» **The problem**
Leaving out the pictures, write the following records exactly as they read.

Saved data entries

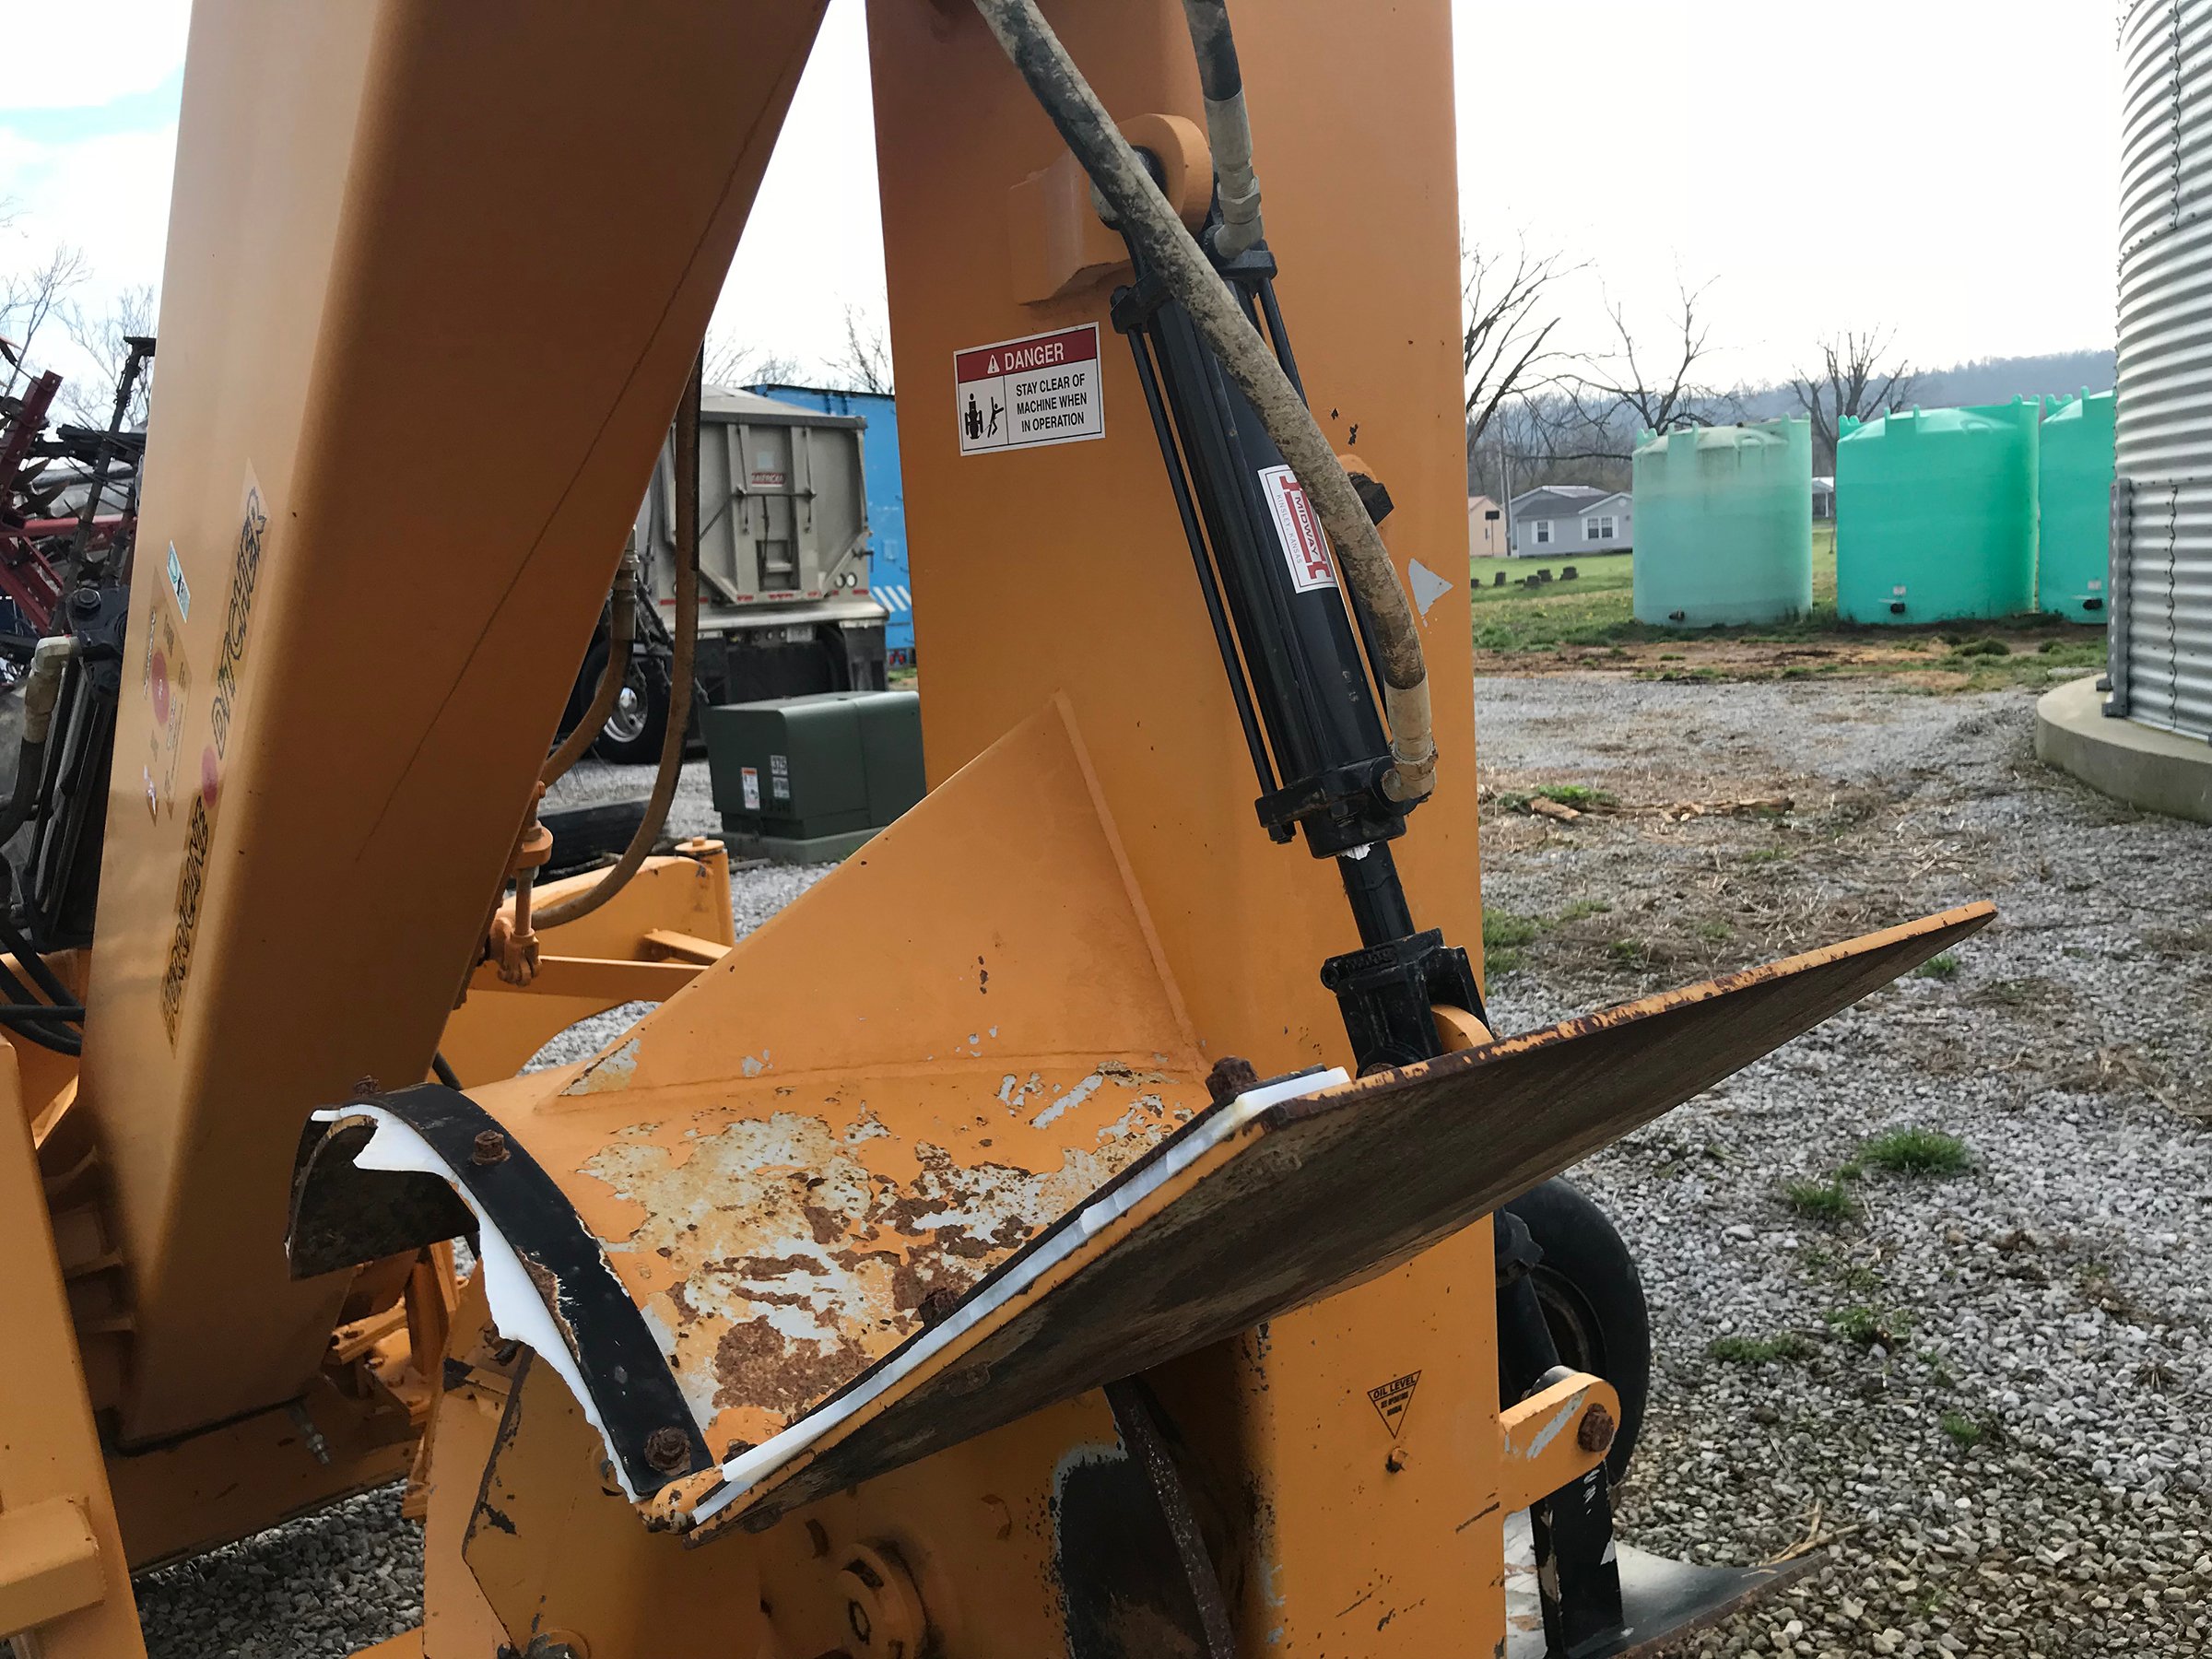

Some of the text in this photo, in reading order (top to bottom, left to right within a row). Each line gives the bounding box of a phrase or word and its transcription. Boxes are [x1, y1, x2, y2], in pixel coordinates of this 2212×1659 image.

[1004, 342, 1065, 371] DANGER
[1016, 373, 1086, 397] STAY CLEAR OF
[1017, 392, 1088, 415] MACHINE WHEN
[1021, 412, 1085, 432] IN OPERATION
[1295, 496, 1319, 556] MIDWAY
[1289, 533, 1303, 564] KANSAS
[211, 487, 267, 760] DITCHER
[1372, 1375, 1416, 1399] OIL LEVEL
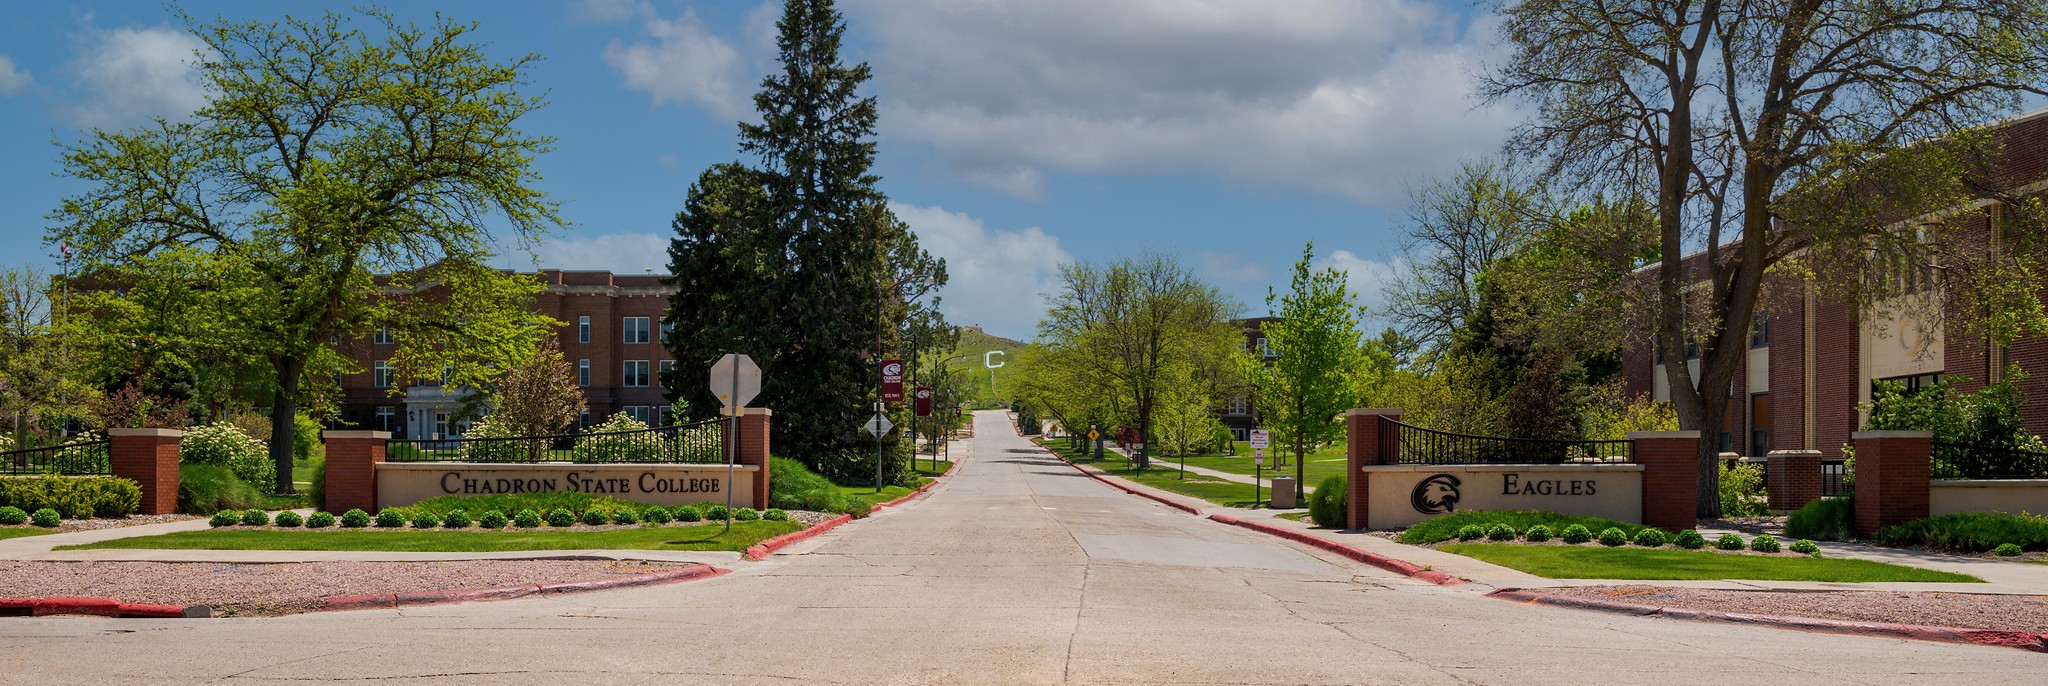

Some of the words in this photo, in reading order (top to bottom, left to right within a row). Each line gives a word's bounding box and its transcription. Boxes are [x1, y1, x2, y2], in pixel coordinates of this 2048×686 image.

» **Problem solution**
Some of the text in this photo, in reading order (top to bottom, left to right within a row). Each line gives the bounding box of a phrase or word and its transcription. Boxes are [x1, y1, x2, y2], in pixel coordinates of this 2212×1659 image.

[1004, 342, 1065, 371] DANGER
[1016, 373, 1086, 397] STAY CLEAR OF
[1017, 392, 1088, 415] MACHINE WHEN
[1021, 412, 1085, 432] IN OPERATION
[1295, 496, 1319, 556] MIDWAY
[1289, 533, 1303, 564] KANSAS
[211, 487, 267, 760] DITCHER
[1372, 1375, 1416, 1399] OIL LEVEL

Some of the words in this photo, in reading order (top to bottom, left to right within a row). Each line gives a word's bounding box and its transcription. Boxes are [x1, y1, x2, y2], in pixel coordinates of this 2048×686 image.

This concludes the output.